Our proprietary manufacturing processes ensure poling uniformity and crystal quality that maximize conversion efficiency while minimizing unwanted effects like beam distortion or spectral broadening.

SFG technology enables breakthrough capabilities across diverse industrial and scientific domains, with Raicol’s crystals powering applications worldwide in leading research institutions and commercial systems:

• Biomedical and Life Sciences – Our PPKTP crystals enable advanced nonlinear microscopy techniques for high-resolution biological imaging, allowing researchers to visualize cellular structures and molecular processes with minimal photodamage. The Type-0 and Type-II phase matching options provide flexibility for optimizing signal-to-noise ratios in challenging biological environments.
• Materials Science and Surface Analysis – BBO and LBO crystals from Raicol facilitate precise molecular structure analysis at surfaces and interfaces. The ultra-low absorption and exceptional surface quality of our Super Polished LBO (≤3Å RMS roughness) ensure measurement accuracy in demanding surface science applications.

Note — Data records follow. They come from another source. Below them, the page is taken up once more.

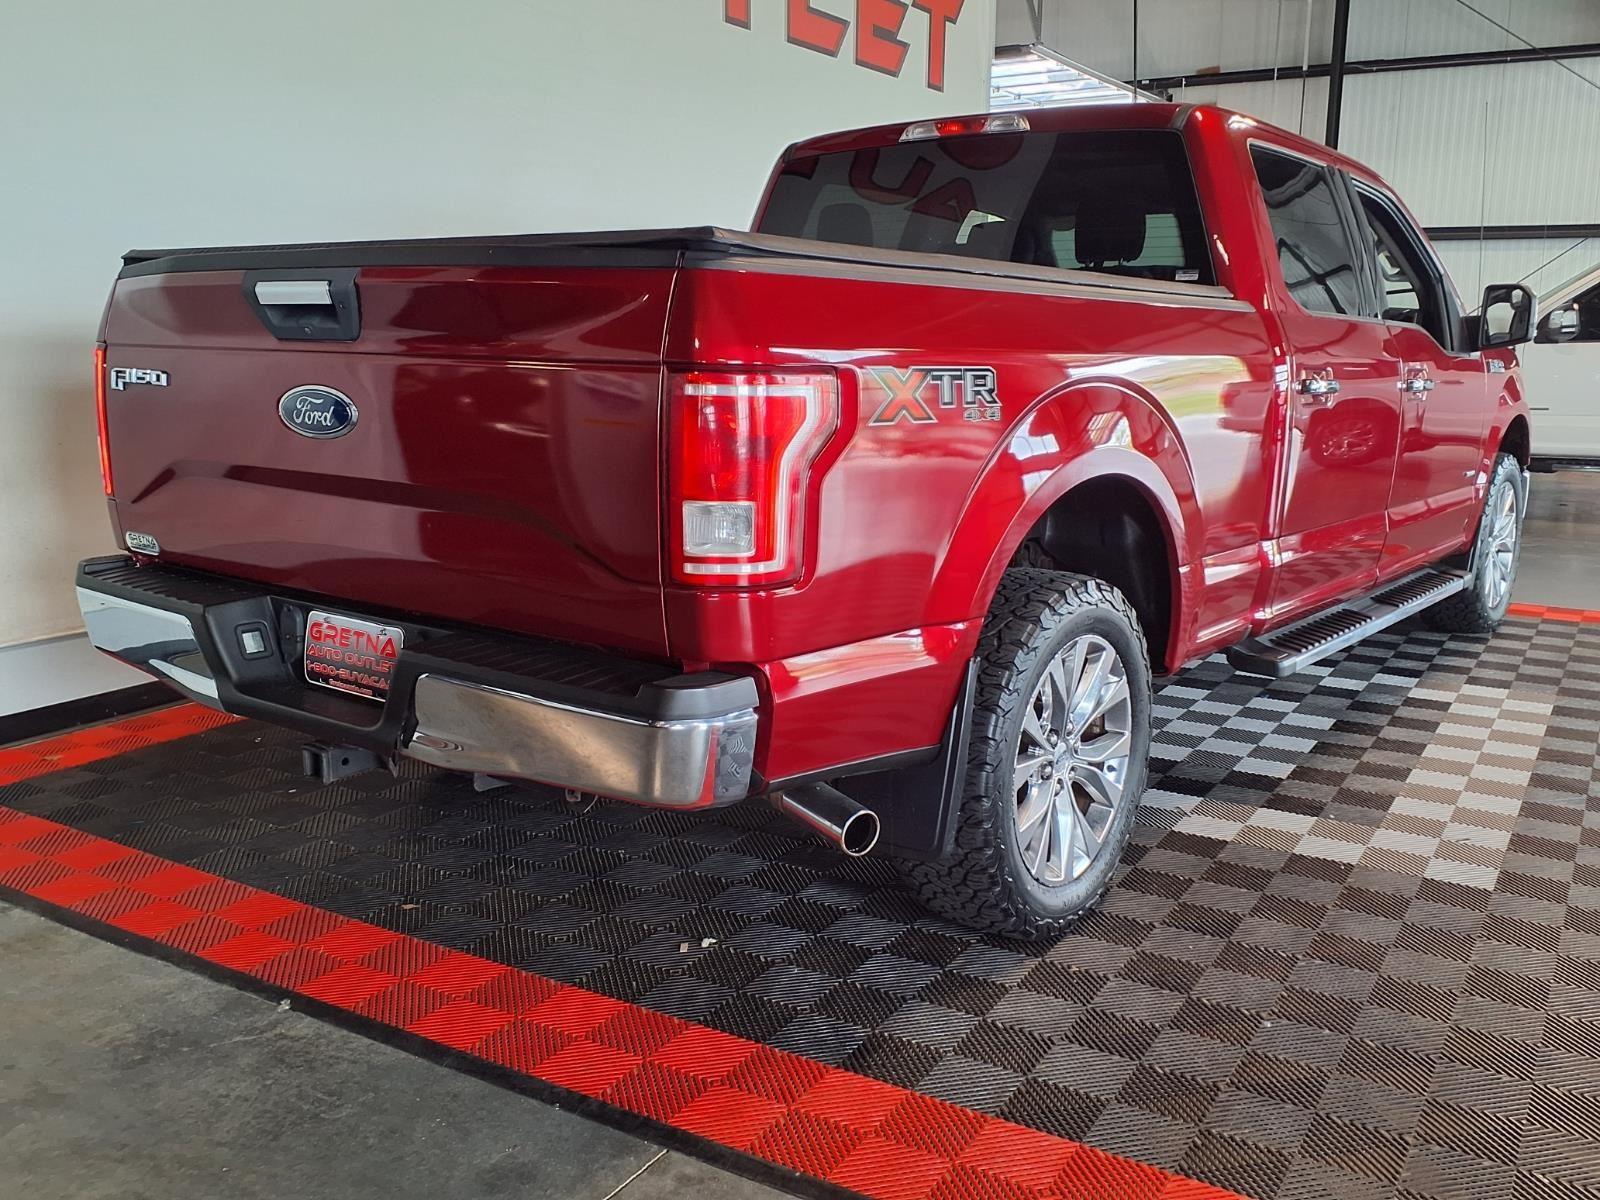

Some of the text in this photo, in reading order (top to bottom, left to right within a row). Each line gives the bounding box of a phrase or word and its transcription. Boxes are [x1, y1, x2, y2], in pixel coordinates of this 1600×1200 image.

[864, 365, 1002, 426] XTR
[293, 396, 334, 426] Ford
[308, 643, 342, 663] AUTO
[309, 621, 398, 659] GRETNA
[307, 660, 390, 690] 1-800-BUYACA

• Quantum Photonics and Communications – Our quantum-grade PPKTP and apKTP crystals serve as the foundation for photon pair generation, quantum entanglement, and frequency conversion in quantum communication systems. Raicol Quantum division has optimized these crystals for leading quantum research labs globally, supporting applications from quantum computing to satellite-based quantum key distribution.

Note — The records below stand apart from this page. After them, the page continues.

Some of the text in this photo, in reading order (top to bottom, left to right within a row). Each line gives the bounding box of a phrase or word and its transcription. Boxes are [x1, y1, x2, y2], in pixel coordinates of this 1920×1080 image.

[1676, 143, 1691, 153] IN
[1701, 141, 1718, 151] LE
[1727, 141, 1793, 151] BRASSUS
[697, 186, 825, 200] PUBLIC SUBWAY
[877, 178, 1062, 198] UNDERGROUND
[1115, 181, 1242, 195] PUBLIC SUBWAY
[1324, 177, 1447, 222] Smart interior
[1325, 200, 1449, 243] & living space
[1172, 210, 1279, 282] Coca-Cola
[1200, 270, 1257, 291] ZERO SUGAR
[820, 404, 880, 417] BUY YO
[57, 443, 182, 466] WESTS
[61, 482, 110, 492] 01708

• Defense and Aerospace Laser Systems – HGTR KTP crystals designed by Raicol enable high-power laser frequency conversion for range finding, LIDAR, and directed energy applications. These crystals withstand power densities up to 5 kW/cm² while maintaining exceptional beam quality and long-term stability in harsh environments.
• Industrial Laser Manufacturing – Our KTP and PPKTP crystals power green laser systems used in precision micromachining, display technology, and materials processing. The non-hygroscopic nature and thermal stability of these crystals ensure reliable performance in industrial environments.
• Spectroscopy and Analytical Instrumentation – PPLN and ppSLT crystals enable mid-infrared frequency generation for chemical analysis, environmental monitoring, and process control applications. The broad transparency ranges and high nonlinear coefficients make possible compact, efficient analytical instruments.
• Telecommunications and Datacom – Raicol’s crystals support wavelength conversion technologies essential for optical networking, enabling efficient frequency translation between communication bands and supporting the infrastructure of modern telecommunications.